## [Given entries]
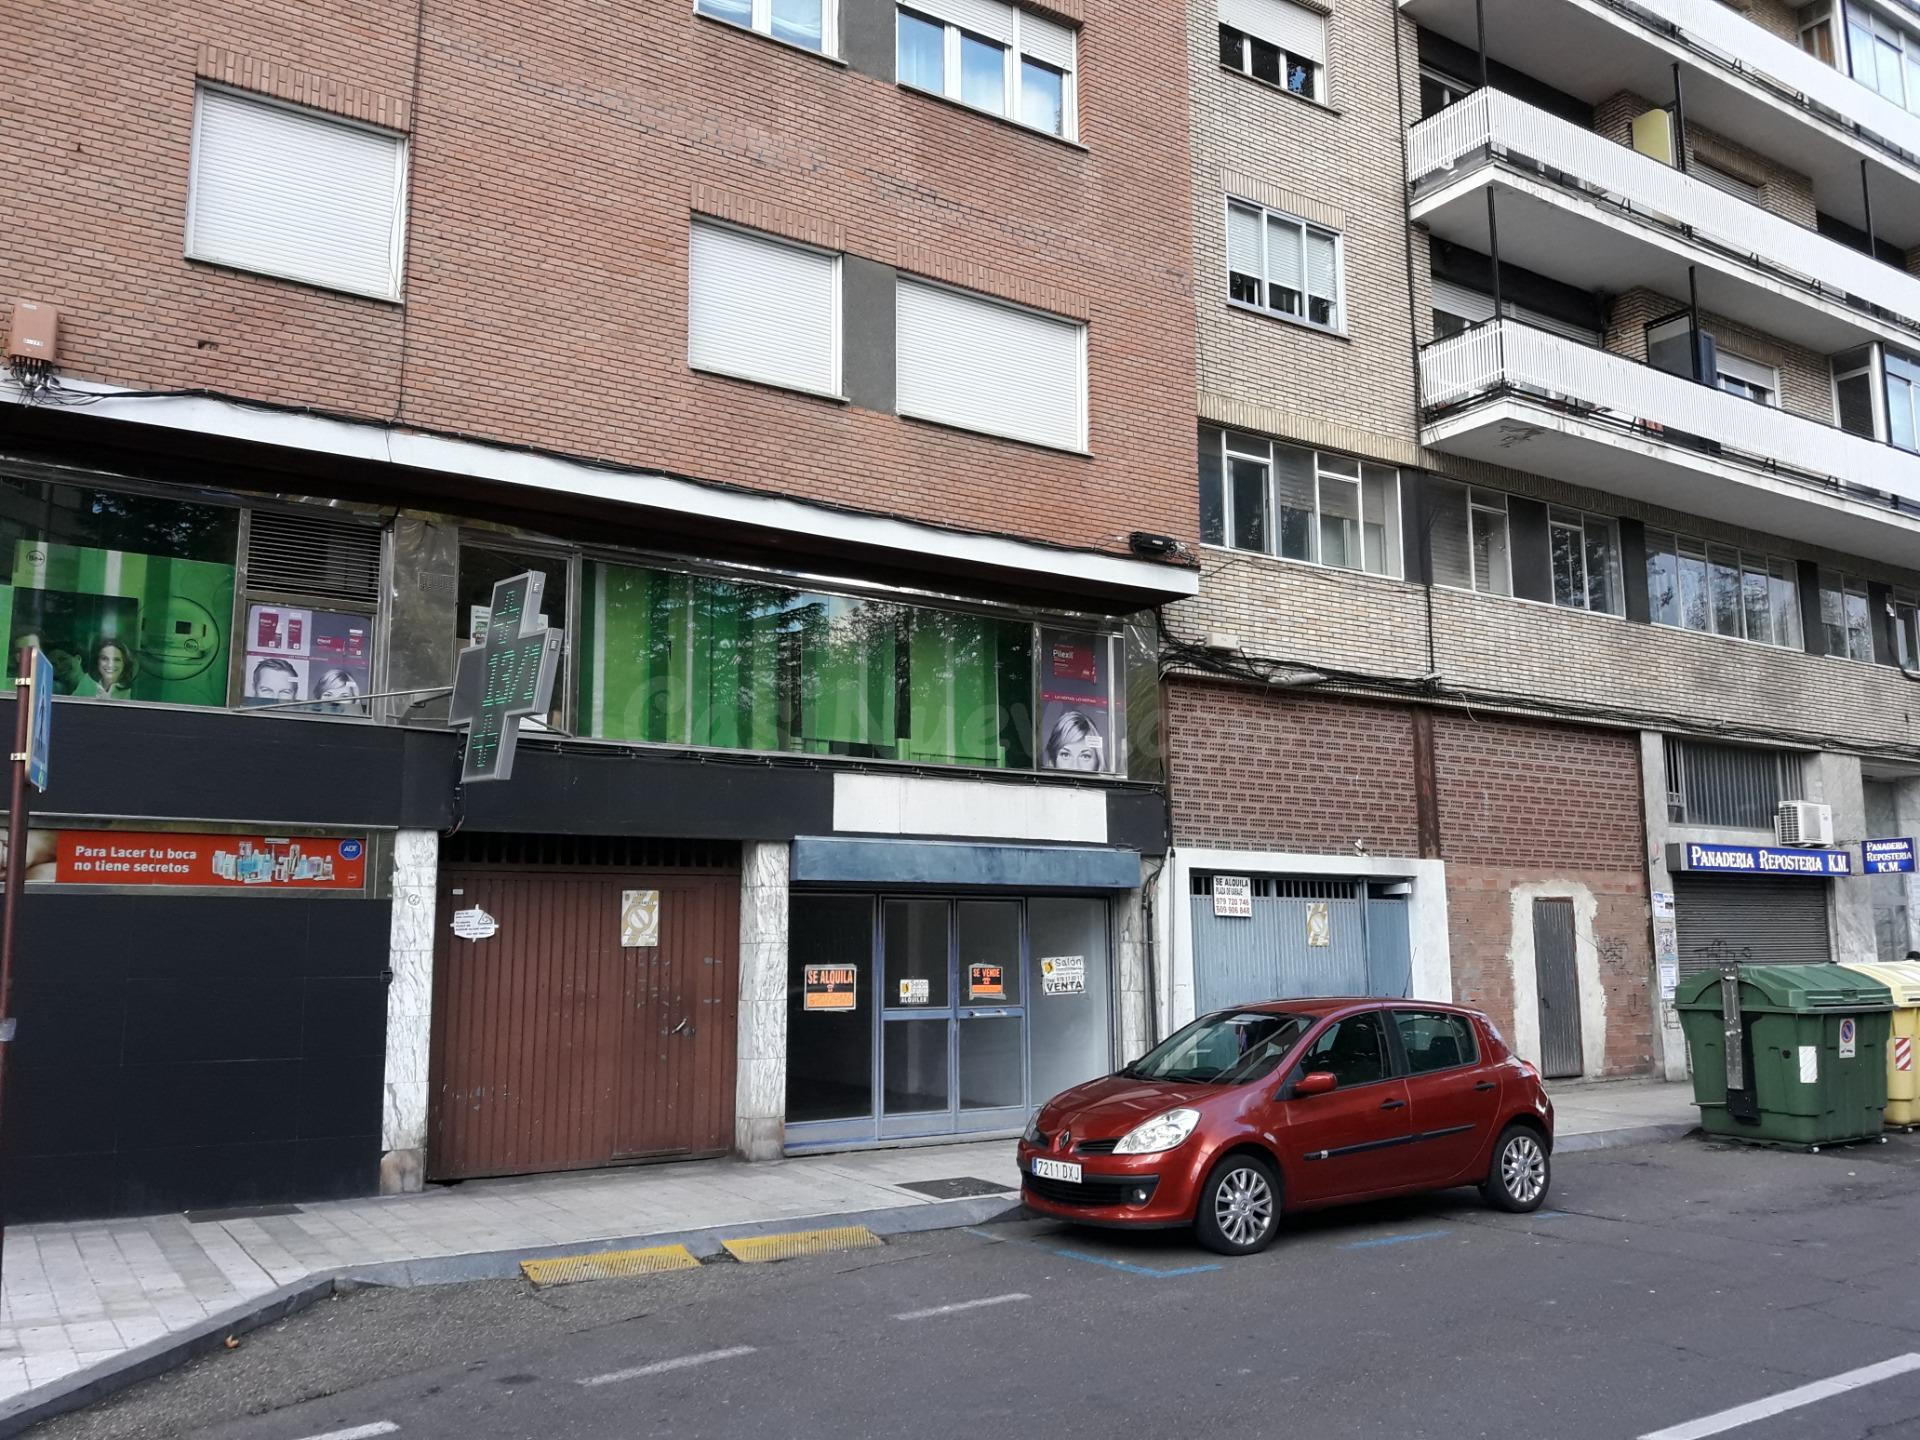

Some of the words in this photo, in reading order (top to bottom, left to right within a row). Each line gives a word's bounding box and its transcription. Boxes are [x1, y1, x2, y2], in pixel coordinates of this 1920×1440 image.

[75, 845, 106, 857] Para
[110, 846, 147, 858] Lacer
[149, 848, 163, 859] tu
[167, 848, 197, 860] boca
[74, 861, 91, 871] no
[95, 860, 130, 872] tiene
[133, 862, 189, 873] secretos
[1827, 853, 1850, 873] K.M.
[1877, 862, 1902, 873] K.M.
[1215, 878, 1223, 886] SE
[1224, 878, 1248, 887] ALQUILA
[807, 970, 818, 985] SE
[820, 969, 853, 985] ALQUILA
[973, 968, 981, 978] SE
[982, 968, 1001, 978] VENDE
[1046, 980, 1082, 991] VENTA
[1038, 1161, 1059, 1177] 7211
[1062, 1164, 1080, 1180] DXJ
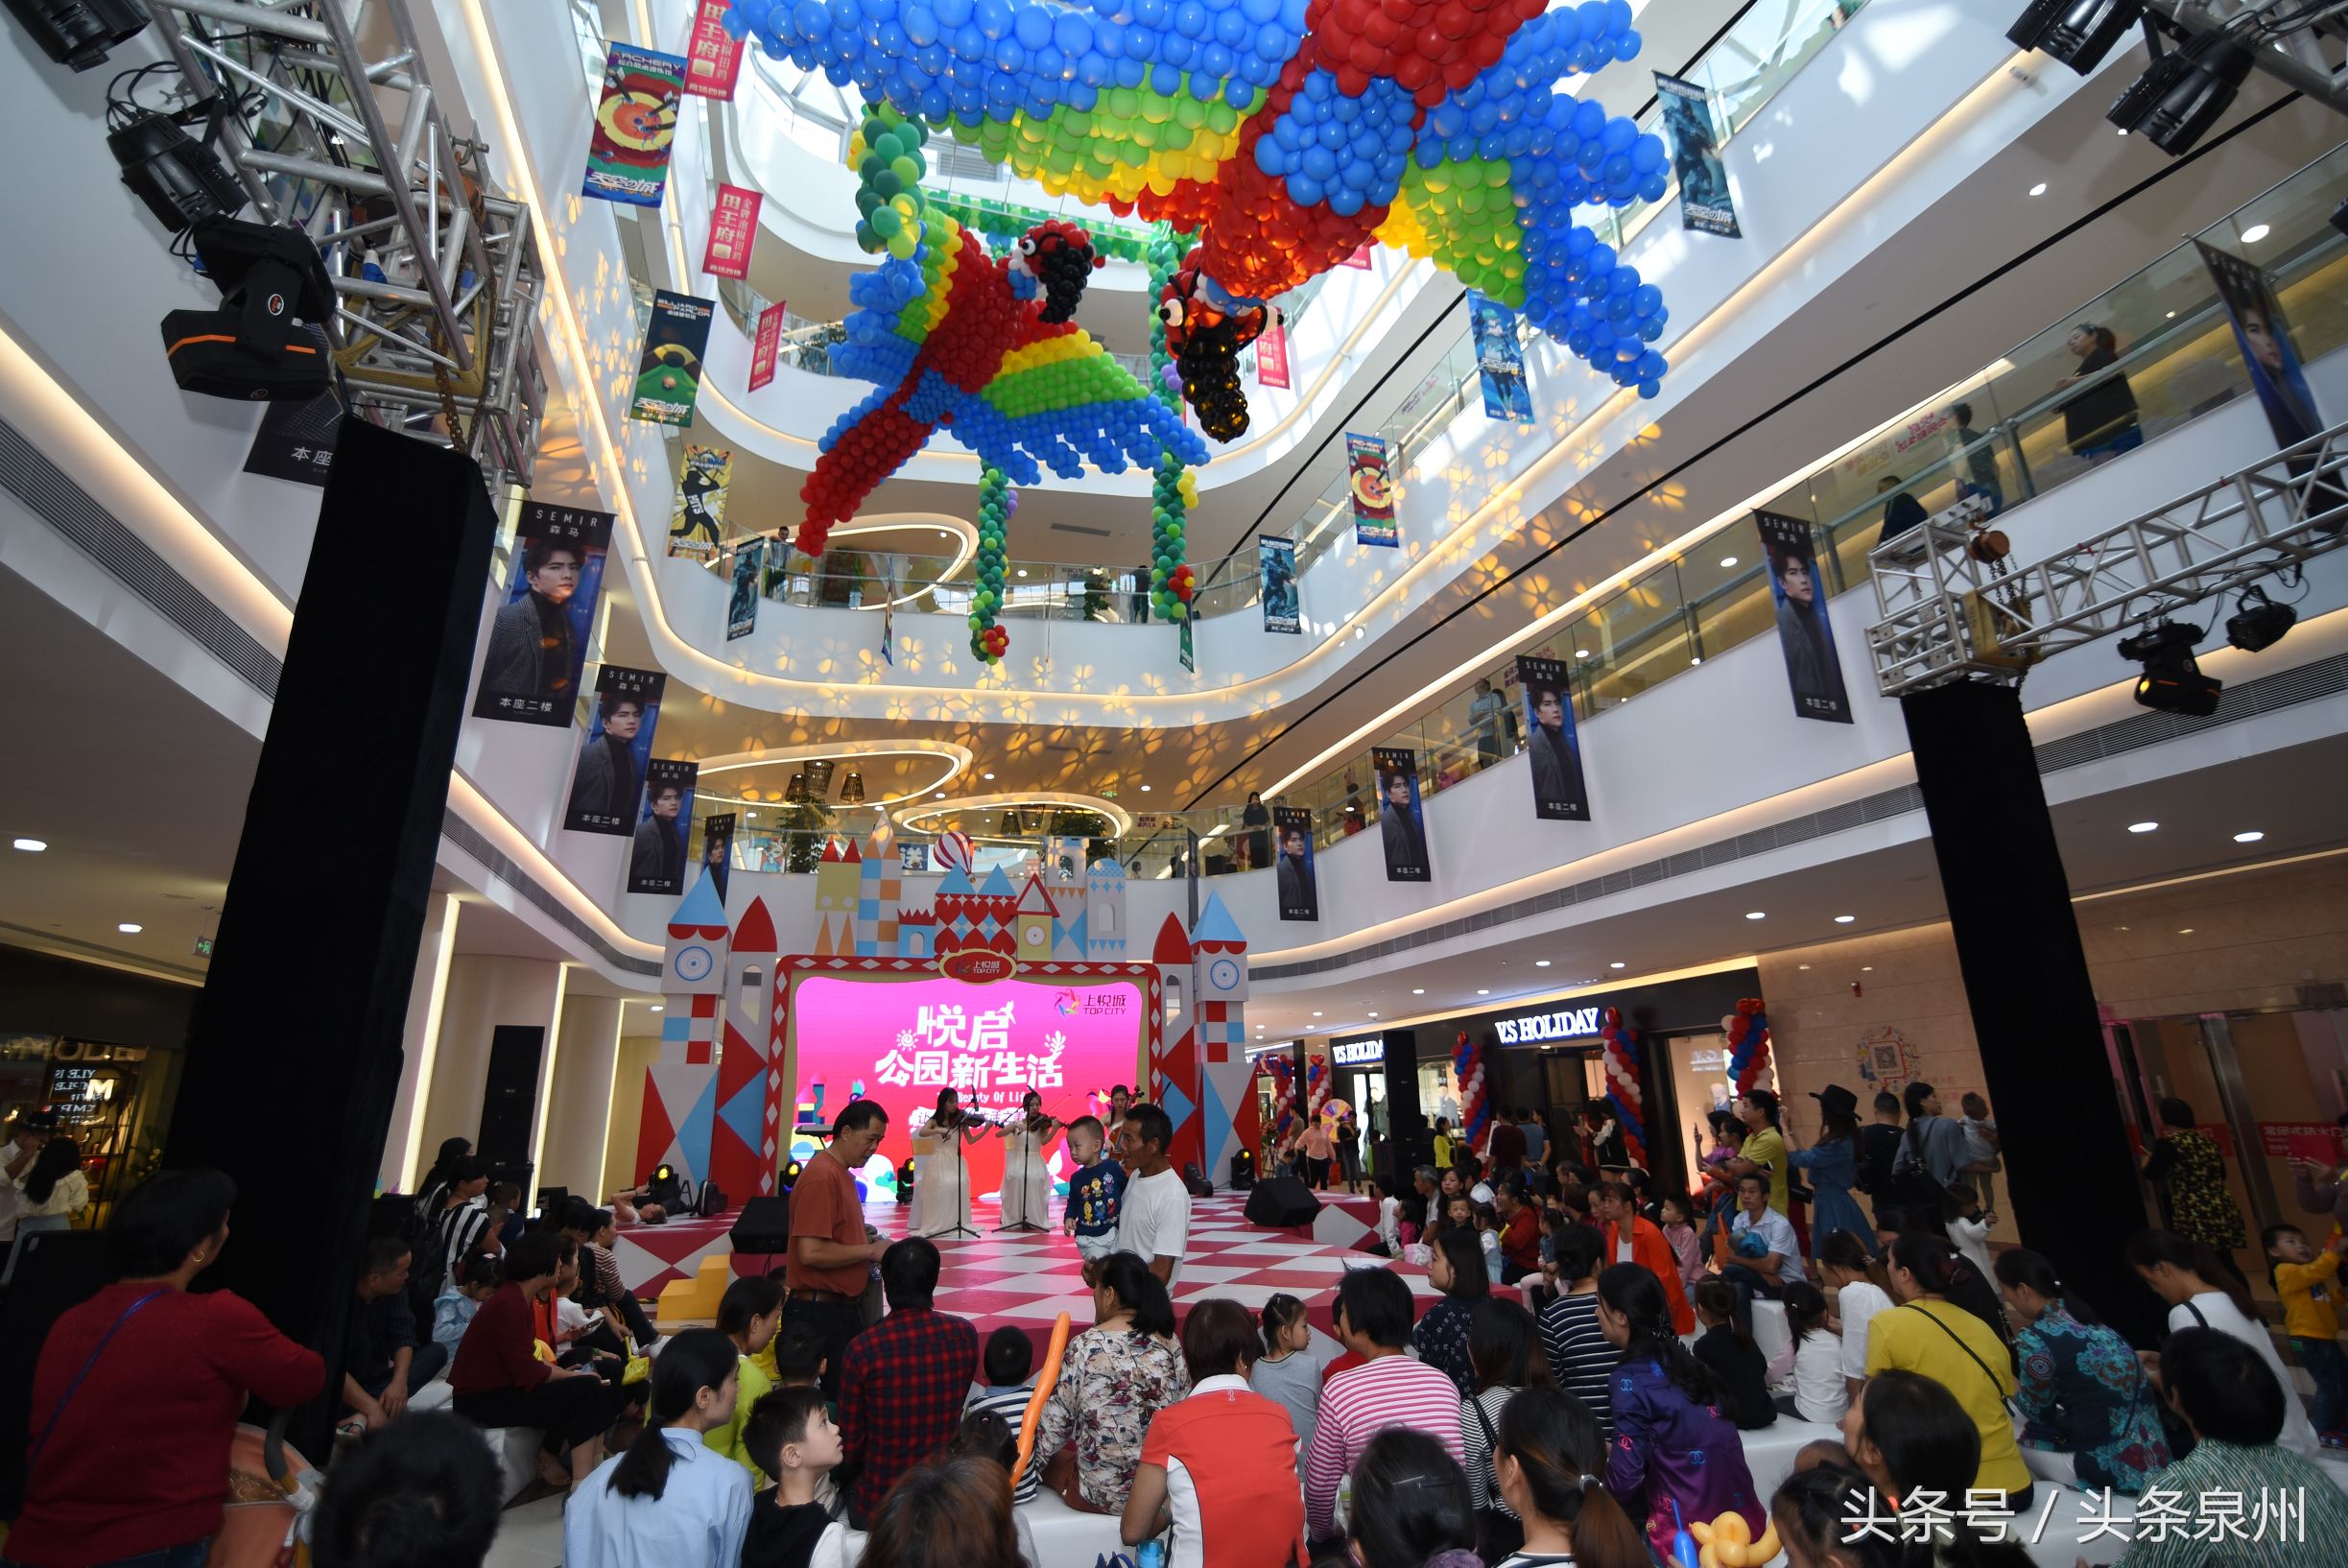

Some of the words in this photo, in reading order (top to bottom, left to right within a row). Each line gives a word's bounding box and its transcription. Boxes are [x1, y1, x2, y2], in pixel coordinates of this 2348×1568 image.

## [Exercise directions]
Retype all of the entries exactly as written, leaving out any images.

## [Written response]
Some of the words in this photo, in reading order (top to bottom, left to right within a row). Each line gives a word's bounding box and its transcription. Boxes are [x1, y1, x2, y2], in pixel coordinates of this 1920×1440 image.

[75, 845, 106, 857] Para
[110, 846, 147, 858] Lacer
[149, 848, 163, 859] tu
[167, 848, 197, 860] boca
[74, 861, 91, 871] no
[95, 860, 130, 872] tiene
[133, 862, 189, 873] secretos
[1827, 853, 1850, 873] K.M.
[1877, 862, 1902, 873] K.M.
[1215, 878, 1223, 886] SE
[1224, 878, 1248, 887] ALQUILA
[807, 970, 818, 985] SE
[820, 969, 853, 985] ALQUILA
[973, 968, 981, 978] SE
[982, 968, 1001, 978] VENDE
[1046, 980, 1082, 991] VENTA
[1038, 1161, 1059, 1177] 7211
[1062, 1164, 1080, 1180] DXJ

Some of the words in this photo, in reading order (top to bottom, left to right within a row). Each line gives a word's bounding box and its transcription. Boxes are [x1, y1, x2, y2], in pixel coordinates of this 2348×1568 image.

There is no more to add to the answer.